Fed sets the stage for lift-off later this year
by Darrell Delamaide
Conventional wisdom is that the Federal Reserve will take its initial step in raising rates at one of the policy-making meetings followed by a press conference, so that Fed chair Janet Yellen can provide context.
This is why anticipation was high for the September meeting, and inaction then has now shifted the focus to December, the next Federal Open Market Committee meeting with a press conference scheduled to follow.
But Yellen has been at pains to provide the context for the rate hike ahead of time and it is conceivable that lift-off will take place in October, even without a scheduled press conference. If she felt a need to communicate further context, she could do so via a conference call with journalists or an ad hoc press conference.
It seems from her remarks and those made by other Fed policy-makers after the September meeting that they have been taken aback by the negative reaction to the panel’s non-decision. There has been a growing unison across the hawk–dove spectrum that it is time to begin the process of normalisation. Though Yellen indicated in her September press conference that market volatility resulting from lower growth prospects in China gave the Fed pause, recent remarks from policy-makers suggest that this concern will not keep them from acting. A number of developing countries, even those with current account deficits that need financing, appear to be resigned to Fed action (Chart 1).
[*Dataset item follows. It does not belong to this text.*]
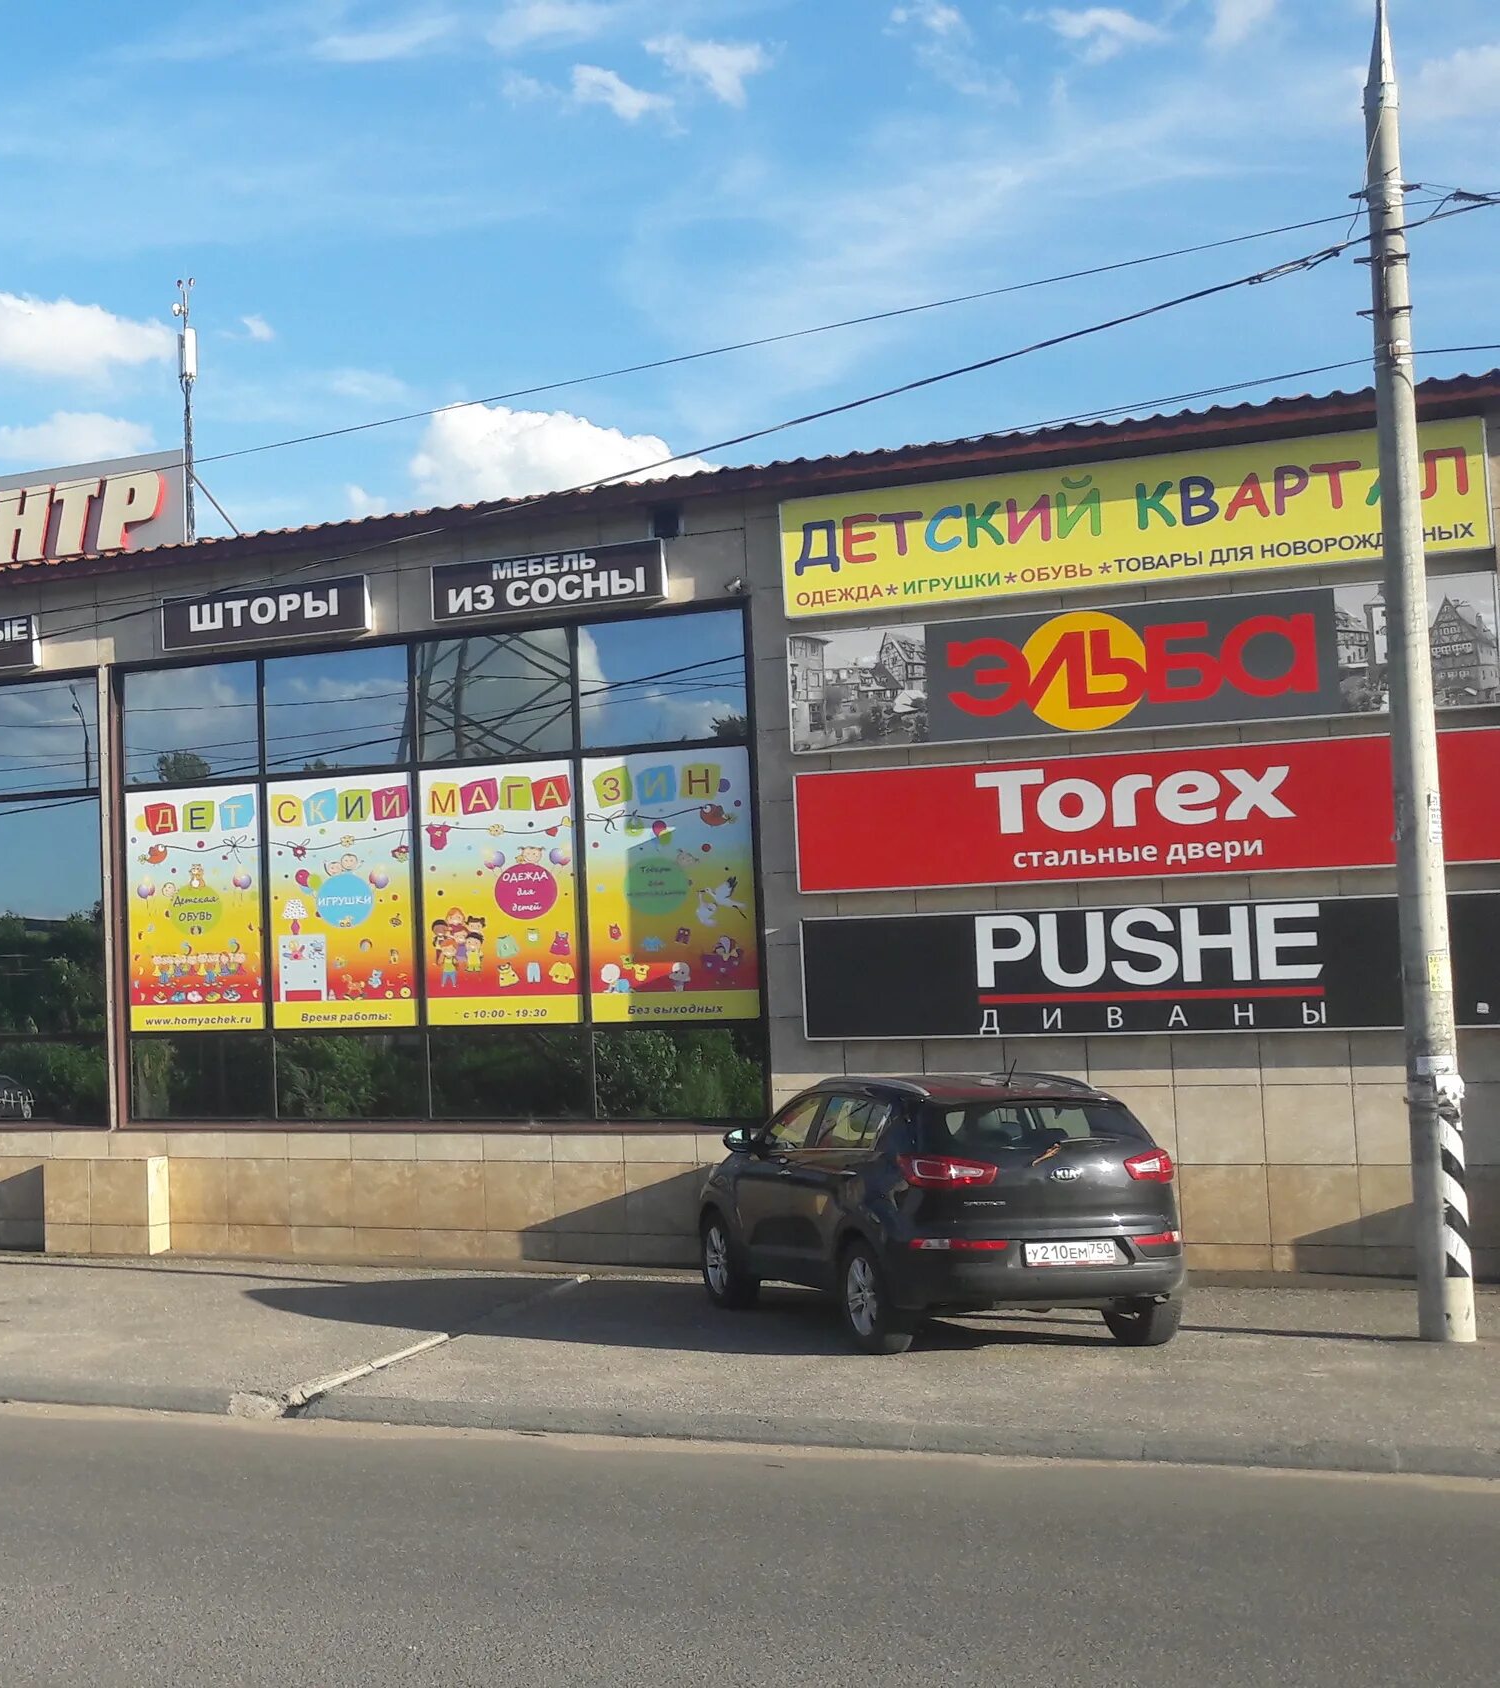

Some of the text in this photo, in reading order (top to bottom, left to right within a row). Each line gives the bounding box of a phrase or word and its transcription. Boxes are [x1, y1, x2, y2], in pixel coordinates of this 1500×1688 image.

In any case, Yellen has set the stage for lift-off with her nuanced remarks at the September press conference and in a major address at the University of Massachusetts in Amherst toward the end of the month.
What her Fedspeak boils down to is that the central bank feels the need to overshoot the mark on lowering unemployment in order to speed up the process of bringing inflation up to its 2% target. At the same time, it cannot delay monetary tightening too long because it wants to proceed at a measured pace and not be forced into more abrupt – and disruptive – action if inflation catches up too fast.
So, Yellen said in her Amherst speech, FOMC participants expect the jobless rate to sink below the target of around 5% and inflation to move back towards 2% once ‘temporary’ dampeners, such as lower oil prices, abate. She concludes that this expectation is why ‘most of my colleagues and I anticipate that it will likely be appropriate to raise the target range for the federal funds rate sometime later this year’.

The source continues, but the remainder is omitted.